When negative deposit rates were first introduced in the euro area, the purpose was to force commercial banks to seek better returns elsewhere in order to stimulate productive investment, which would result, in theory, in higher productivity and stronger growth. So, what has happened? The investment channel hasn’t really delivered yet, and productivity is still too slow in the eurozone. Looking at key innovative sectors, such as electric vehicles, industrial robots or green investments, the monetary union is still lagging behind Asia, most notably China.
The sad reality is that negative deposit rates certainly contributed to increase exports through the depreciation of the euro but, foremost, it also meant a disruption of financial markets and a weakening of financial and banking institutions.
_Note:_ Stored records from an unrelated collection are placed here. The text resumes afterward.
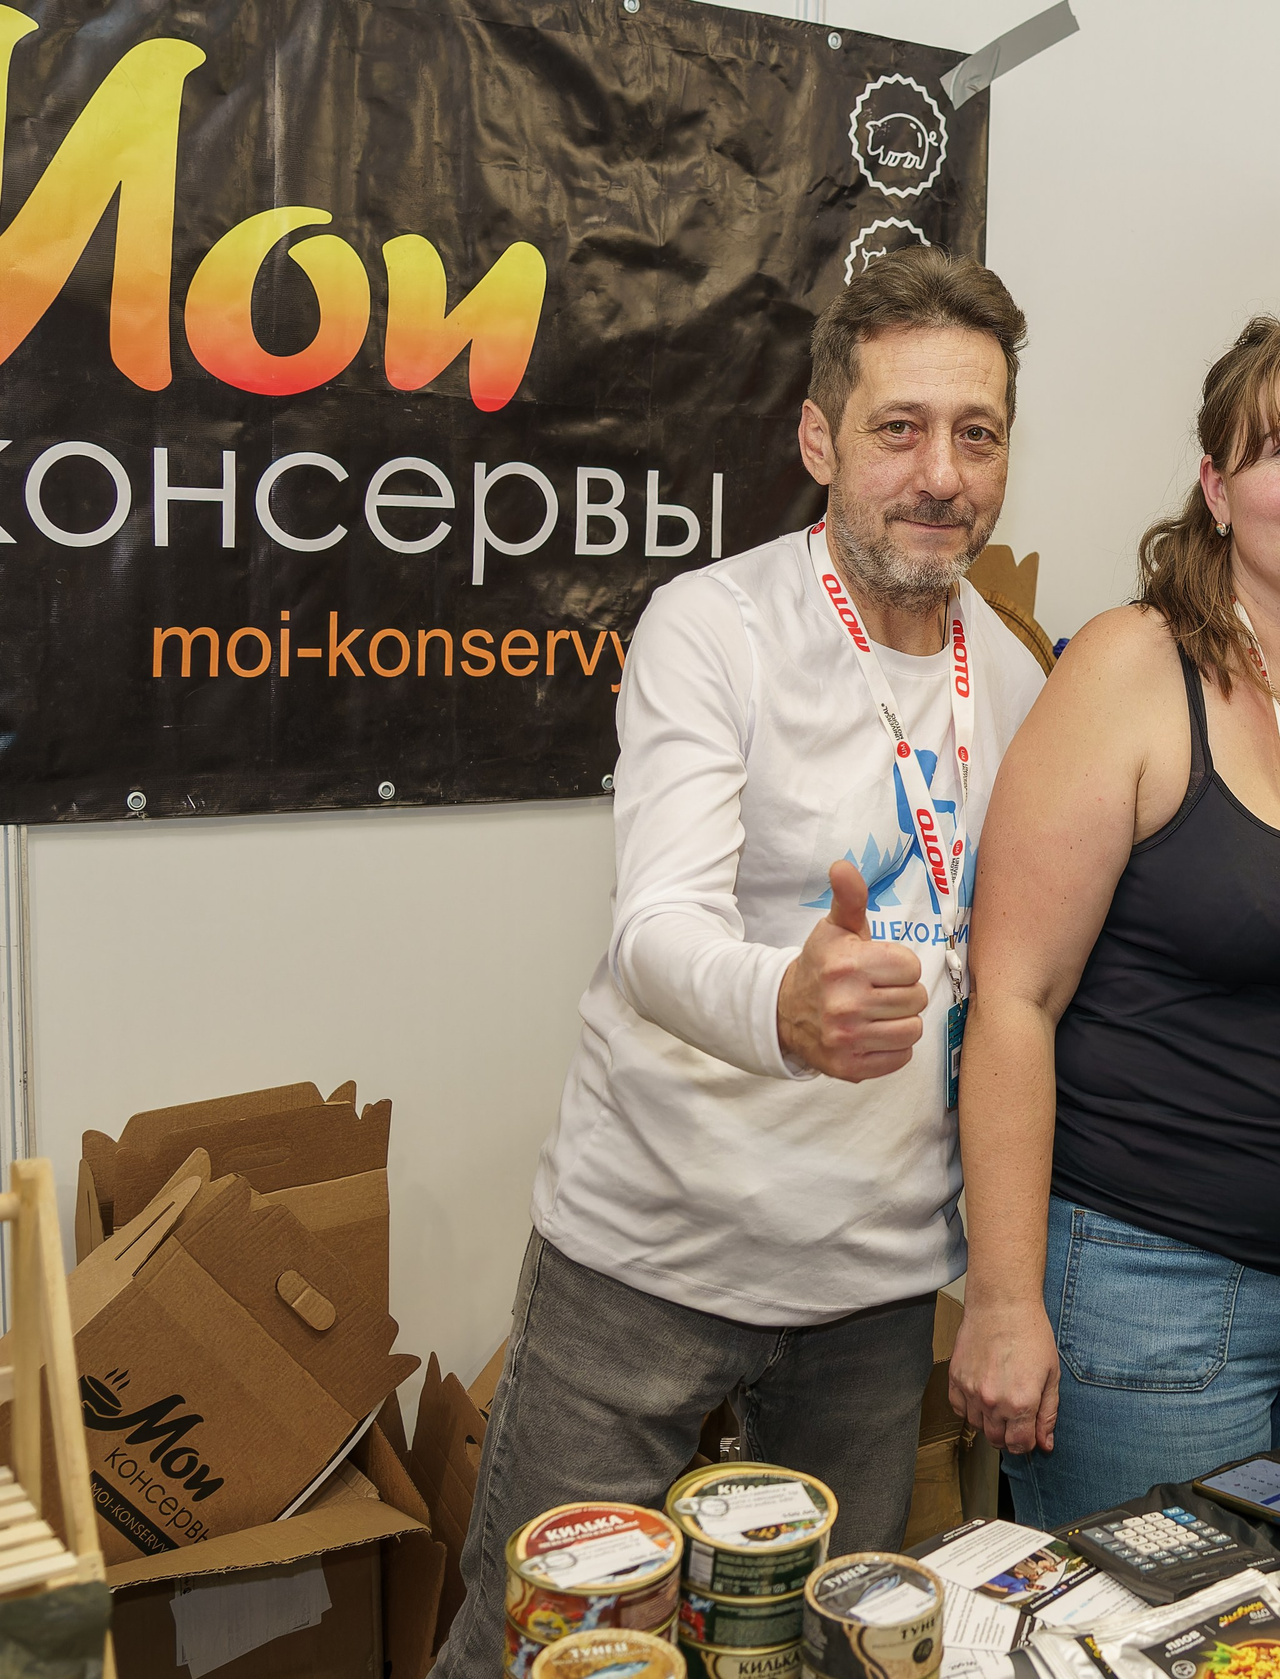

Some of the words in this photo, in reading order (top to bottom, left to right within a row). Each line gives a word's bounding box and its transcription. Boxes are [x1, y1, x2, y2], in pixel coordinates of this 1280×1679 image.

[0, 438, 724, 585] онсервы
[822, 574, 870, 652] MOTO
[952, 619, 970, 698] MOTO
[916, 808, 949, 895] MOTO
[125, 1394, 224, 1502] Мои
[545, 1514, 625, 1542] КИЛЬКА
[823, 1564, 869, 1589] ТУНЕЦ
[901, 1619, 936, 1641] ТУНЕ
[1165, 1629, 1201, 1650] ПЛОВ
[738, 1651, 801, 1675] КИЛЬКА
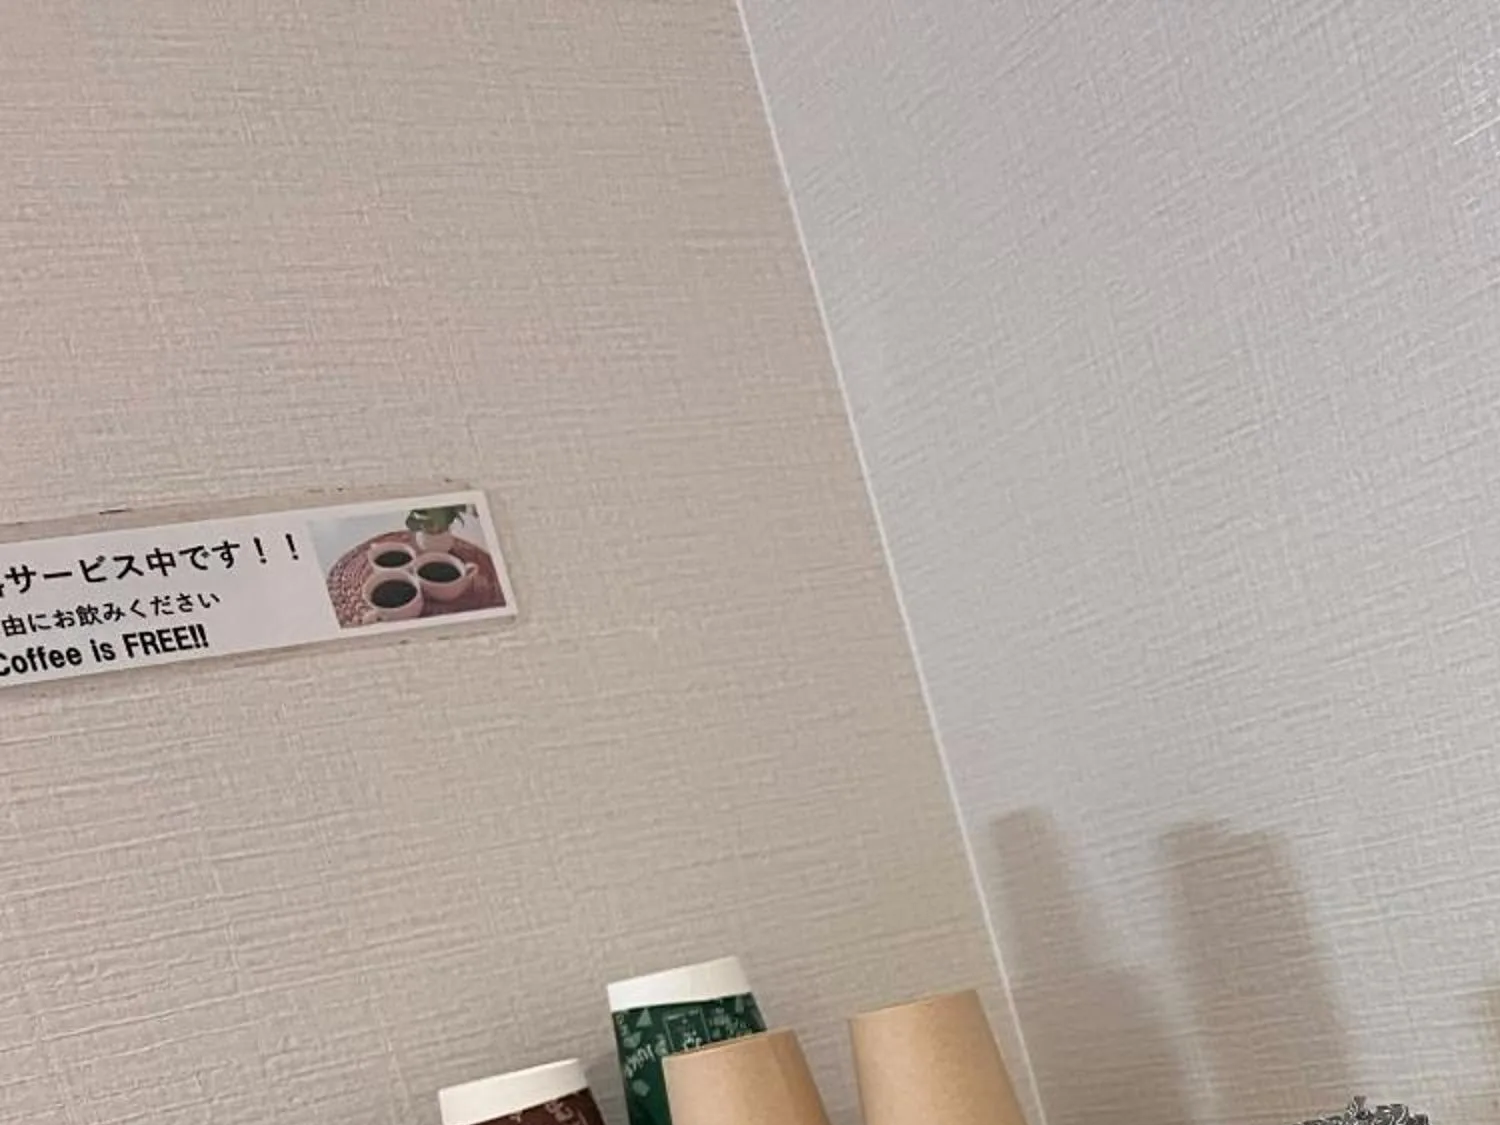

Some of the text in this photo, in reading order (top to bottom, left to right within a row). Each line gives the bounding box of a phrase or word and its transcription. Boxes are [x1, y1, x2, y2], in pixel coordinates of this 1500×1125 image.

Negative market sentiment towards European banks largely reflects a downward revaluation of the long-term profitability outlook. Despite the recent introduction of the tiering system, which has helped to mitigate the negative consequences of negative rates, banks are still facing a major crisis. They are confronted with a challenging economic and financial environment: marked by structurally ultra-low rates, an increase in regulation with Basel IV — which will further reduce the banks’ ROE — and competition from fintech companies in niche markets.
In an unprecedented turn of events, in early January 2020, the new president of the ECB, Christine Lagarde — who has previously endorsed negative rates — executes a volte-face and declares that monetary policy has overreached its limits. She points out that maintaining negative deposit interest rates for a longer period could seriously harm the soundness of the European banking sector. In order to force euro area governments, and notably Germany, to step in and to use fiscal policy to stimulate the economy, the ECB reverses its monetary policy and hikes rates on January 23, 2020. This first hike is followed by another a short time later that quickly takes the policy rate back to zero and even slightly positive before year-end.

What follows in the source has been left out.